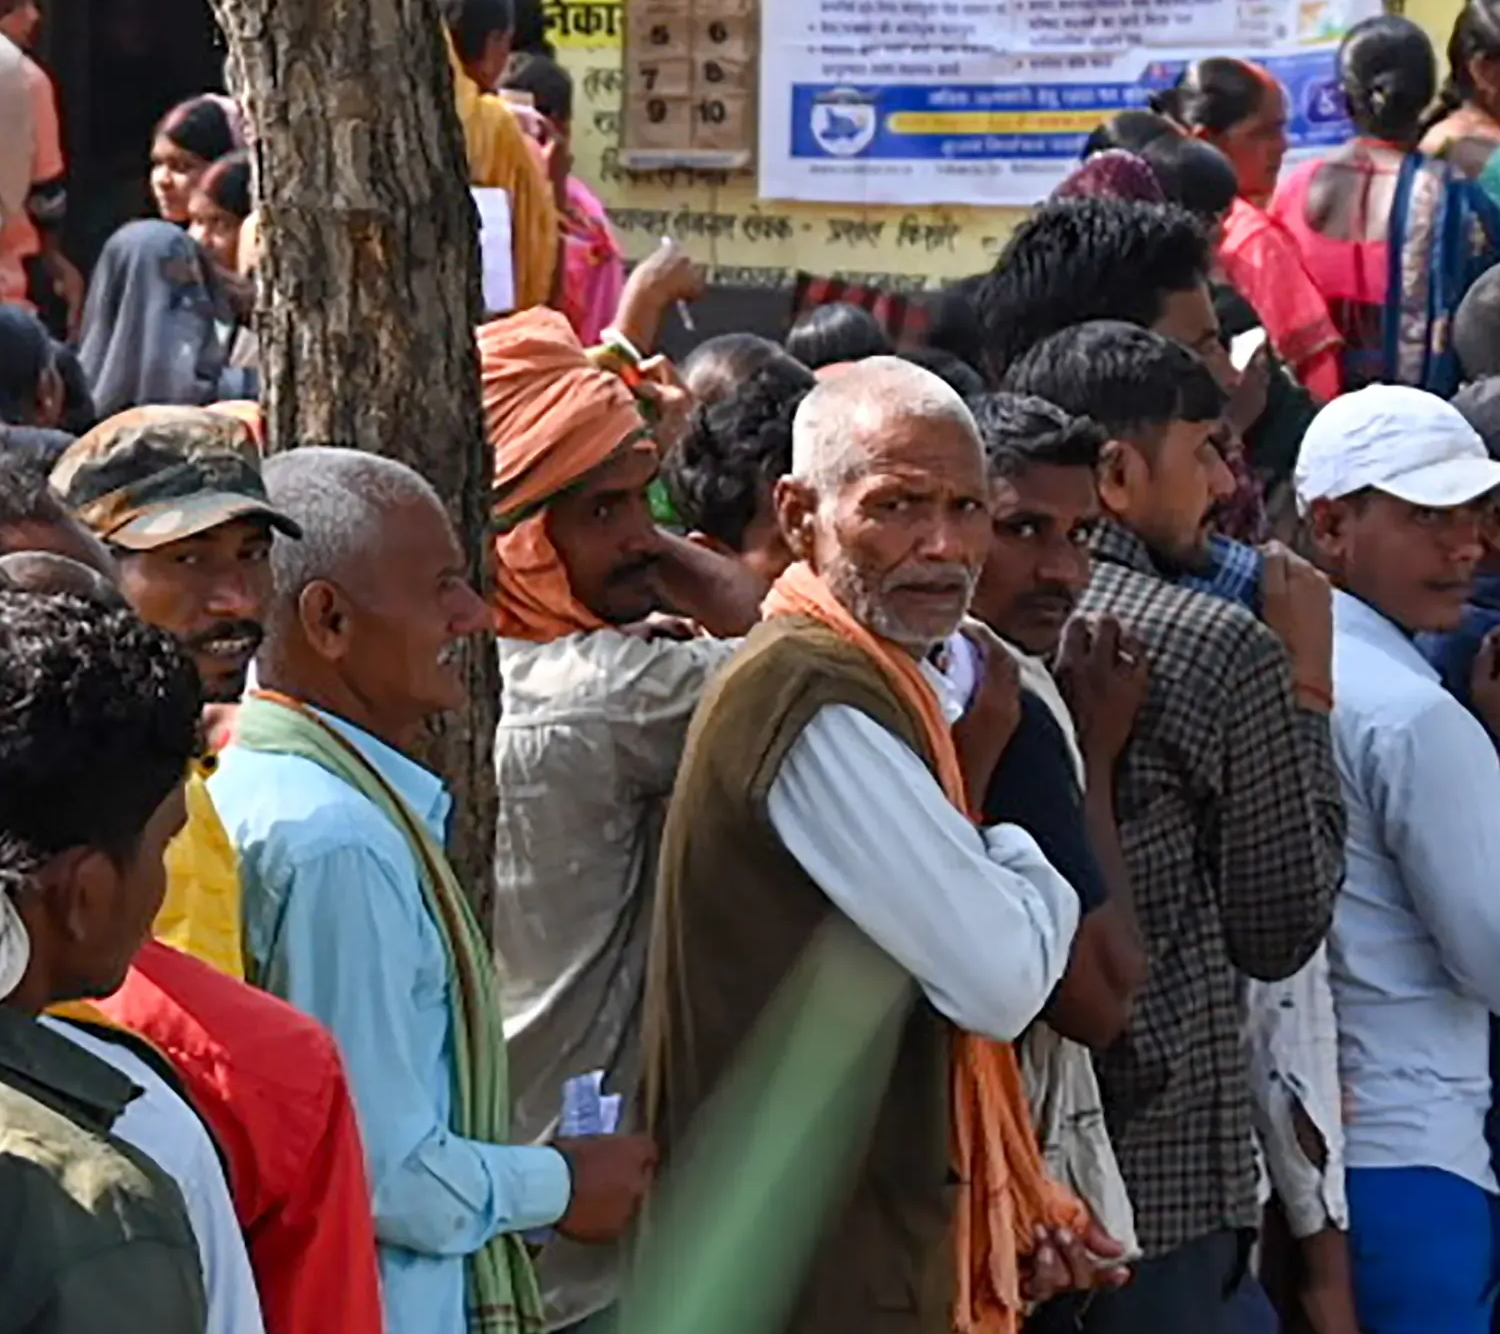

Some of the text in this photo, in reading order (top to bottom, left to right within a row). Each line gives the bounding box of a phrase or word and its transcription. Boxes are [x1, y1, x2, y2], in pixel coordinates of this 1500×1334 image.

[708, 21, 728, 44] 6
[640, 67, 659, 90] 7
[700, 99, 727, 124] 10
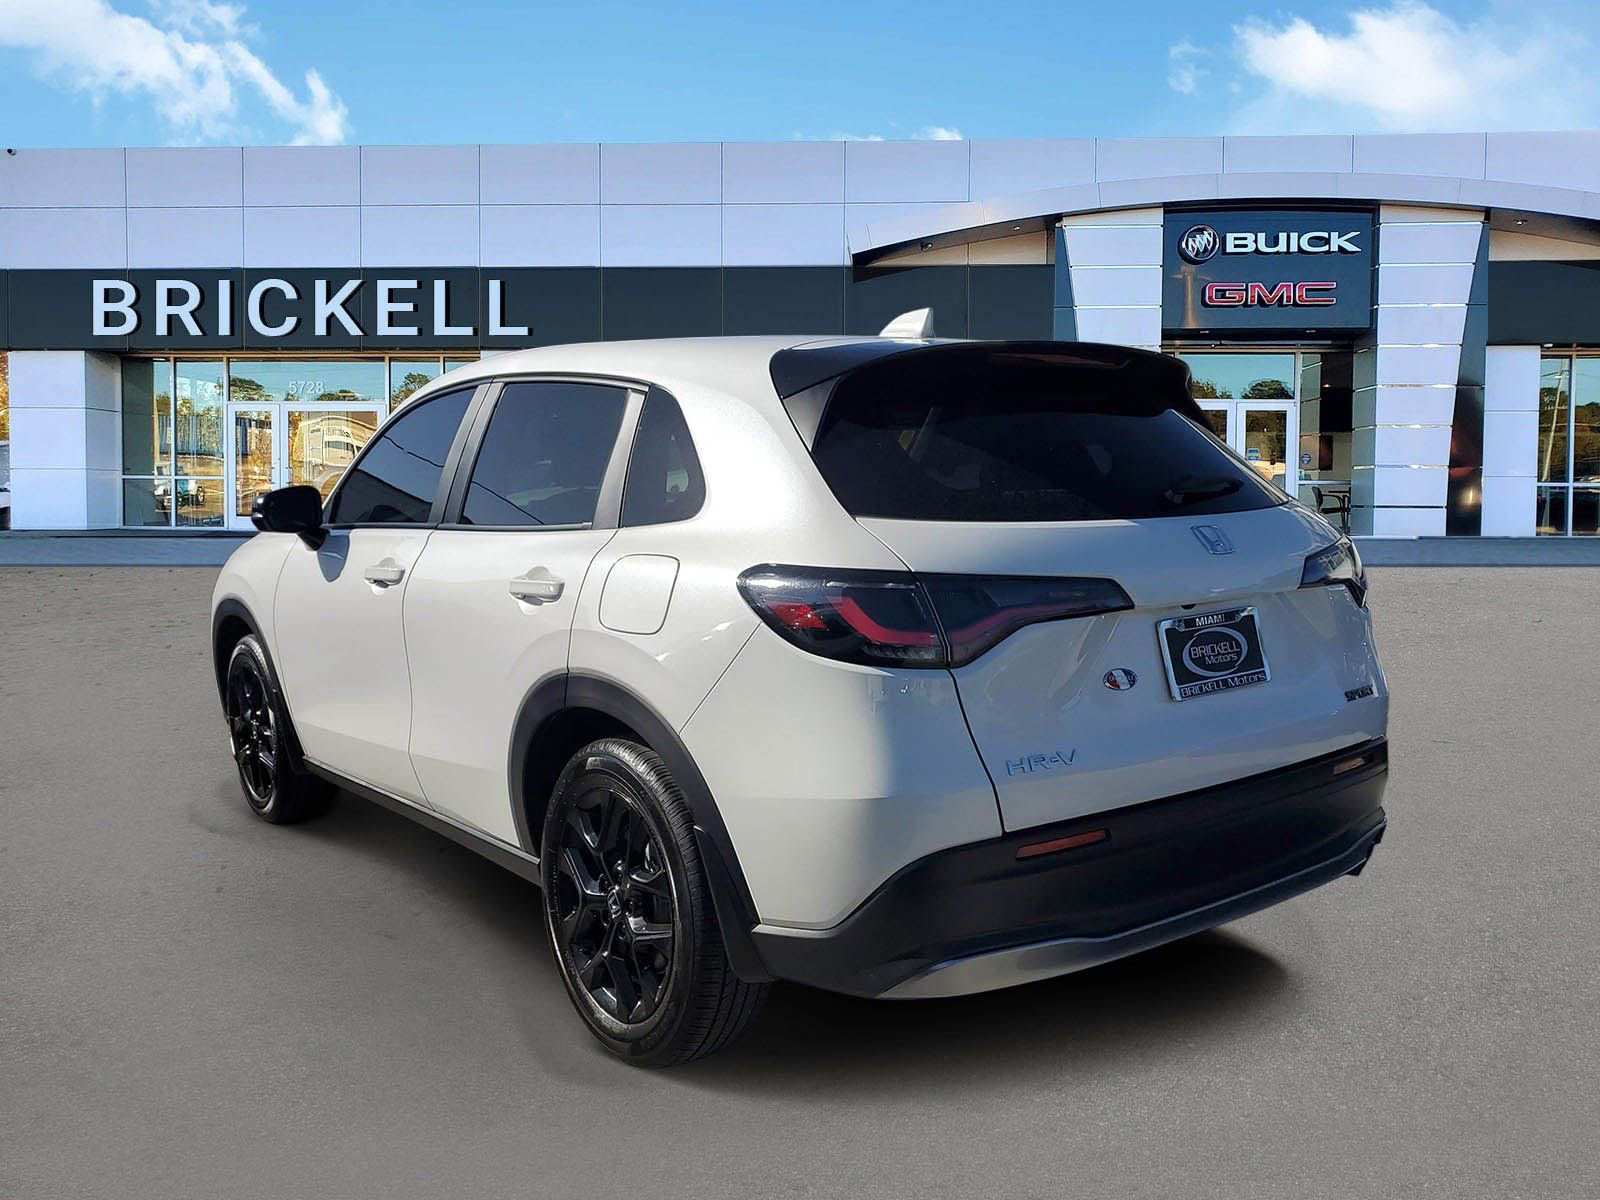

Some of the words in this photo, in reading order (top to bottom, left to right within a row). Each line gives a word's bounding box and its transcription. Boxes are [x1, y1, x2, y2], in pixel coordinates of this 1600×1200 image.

[1225, 231, 1362, 253] BUICK
[1205, 281, 1338, 305] GMC
[92, 279, 530, 337] BRICKELL
[288, 380, 325, 395] 5728
[1195, 614, 1225, 627] MIAMI
[1191, 641, 1240, 658] BRICKELL
[1205, 653, 1238, 665] Motors
[1181, 681, 1226, 697] BRICKELL
[1228, 674, 1266, 688] Motors
[1005, 748, 1077, 777] HR-V
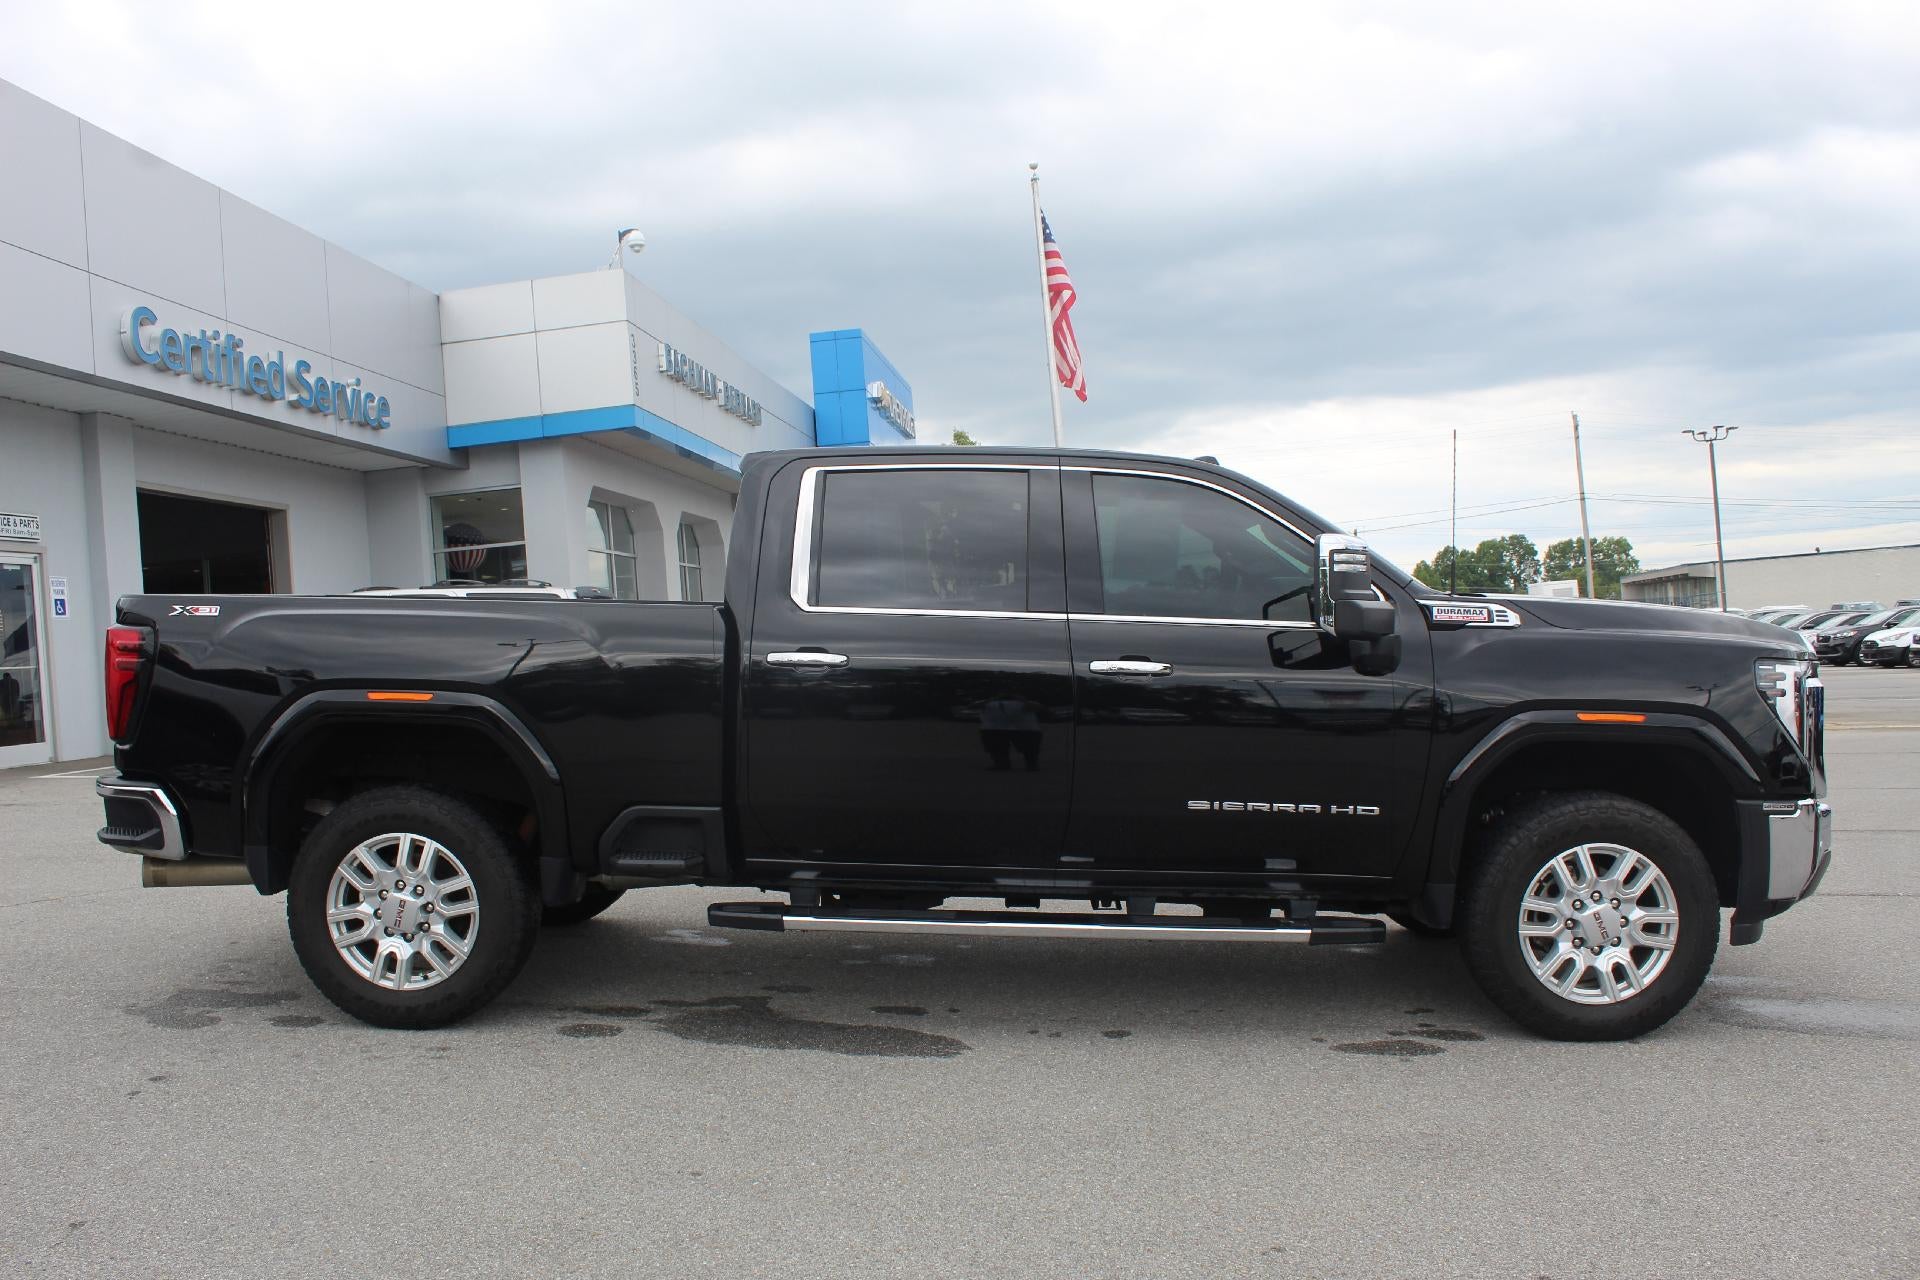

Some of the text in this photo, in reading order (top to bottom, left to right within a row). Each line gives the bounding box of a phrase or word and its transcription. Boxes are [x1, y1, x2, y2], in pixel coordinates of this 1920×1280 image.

• Task statement
Would you output, word for word, only the lines running from the line with "Some of the words" to the end of the listing above, both ends included, with no pictures?

• Task answer
Some of the words in this photo, in reading order (top to bottom, left to right within a row). Each line gives a word's bounding box and its transcription. Boxes are [x1, y1, x2, y2], in pixel coordinates of this 1600×1200 image.

[1225, 231, 1362, 253] BUICK
[1205, 281, 1338, 305] GMC
[92, 279, 530, 337] BRICKELL
[288, 380, 325, 395] 5728
[1195, 614, 1225, 627] MIAMI
[1191, 641, 1240, 658] BRICKELL
[1205, 653, 1238, 665] Motors
[1181, 681, 1226, 697] BRICKELL
[1228, 674, 1266, 688] Motors
[1005, 748, 1077, 777] HR-V

Some of the text in this photo, in reading order (top to bottom, left to right within a row). Each line gives the bounding box of a phrase or word and its transcription. Boxes are [x1, y1, x2, y2], in pixel coordinates of this 1920×1280 image.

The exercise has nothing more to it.